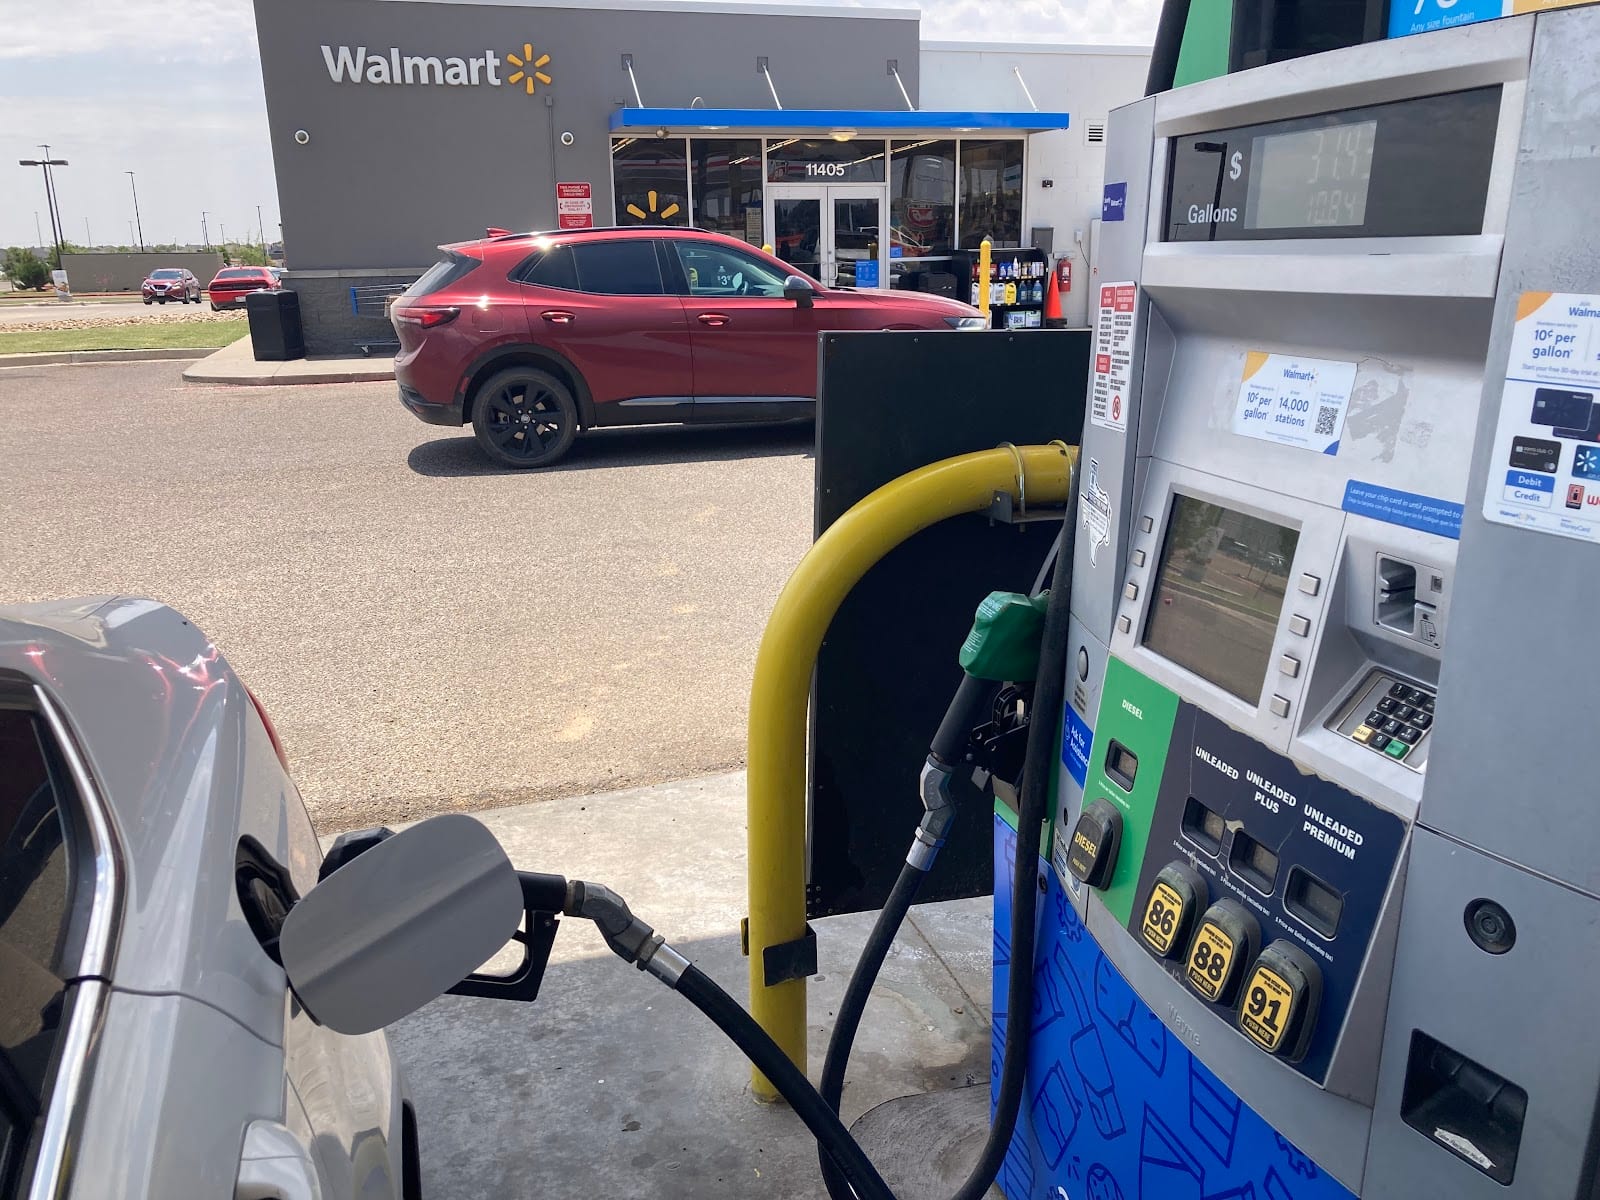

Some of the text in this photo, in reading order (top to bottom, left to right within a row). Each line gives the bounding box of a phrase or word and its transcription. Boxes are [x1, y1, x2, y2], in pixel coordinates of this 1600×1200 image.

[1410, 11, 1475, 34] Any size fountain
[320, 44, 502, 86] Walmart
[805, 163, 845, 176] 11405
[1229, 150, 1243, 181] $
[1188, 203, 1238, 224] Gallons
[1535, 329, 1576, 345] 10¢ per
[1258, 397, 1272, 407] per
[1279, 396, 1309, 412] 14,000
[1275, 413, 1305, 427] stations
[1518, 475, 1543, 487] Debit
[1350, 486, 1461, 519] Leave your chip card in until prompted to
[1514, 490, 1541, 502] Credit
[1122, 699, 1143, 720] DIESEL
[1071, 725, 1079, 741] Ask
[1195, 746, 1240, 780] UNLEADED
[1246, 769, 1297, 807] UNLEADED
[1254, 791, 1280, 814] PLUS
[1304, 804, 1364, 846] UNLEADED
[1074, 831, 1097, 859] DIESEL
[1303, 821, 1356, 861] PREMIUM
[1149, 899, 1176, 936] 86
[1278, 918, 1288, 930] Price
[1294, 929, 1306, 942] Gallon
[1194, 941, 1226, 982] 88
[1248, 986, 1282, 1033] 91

- - - -

Work item –
The data is to be printed again exactly, but without its pictures.

Output for this task –
Some of the text in this photo, in reading order (top to bottom, left to right within a row). Each line gives the bounding box of a phrase or word and its transcription. Boxes are [x1, y1, x2, y2], in pixel coordinates of this 1600×1200 image.

[1410, 11, 1475, 34] Any size fountain
[320, 44, 502, 86] Walmart
[805, 163, 845, 176] 11405
[1229, 150, 1243, 181] $
[1188, 203, 1238, 224] Gallons
[1535, 329, 1576, 345] 10¢ per
[1258, 397, 1272, 407] per
[1279, 396, 1309, 412] 14,000
[1275, 413, 1305, 427] stations
[1518, 475, 1543, 487] Debit
[1350, 486, 1461, 519] Leave your chip card in until prompted to
[1514, 490, 1541, 502] Credit
[1122, 699, 1143, 720] DIESEL
[1071, 725, 1079, 741] Ask
[1195, 746, 1240, 780] UNLEADED
[1246, 769, 1297, 807] UNLEADED
[1254, 791, 1280, 814] PLUS
[1304, 804, 1364, 846] UNLEADED
[1074, 831, 1097, 859] DIESEL
[1303, 821, 1356, 861] PREMIUM
[1149, 899, 1176, 936] 86
[1278, 918, 1288, 930] Price
[1294, 929, 1306, 942] Gallon
[1194, 941, 1226, 982] 88
[1248, 986, 1282, 1033] 91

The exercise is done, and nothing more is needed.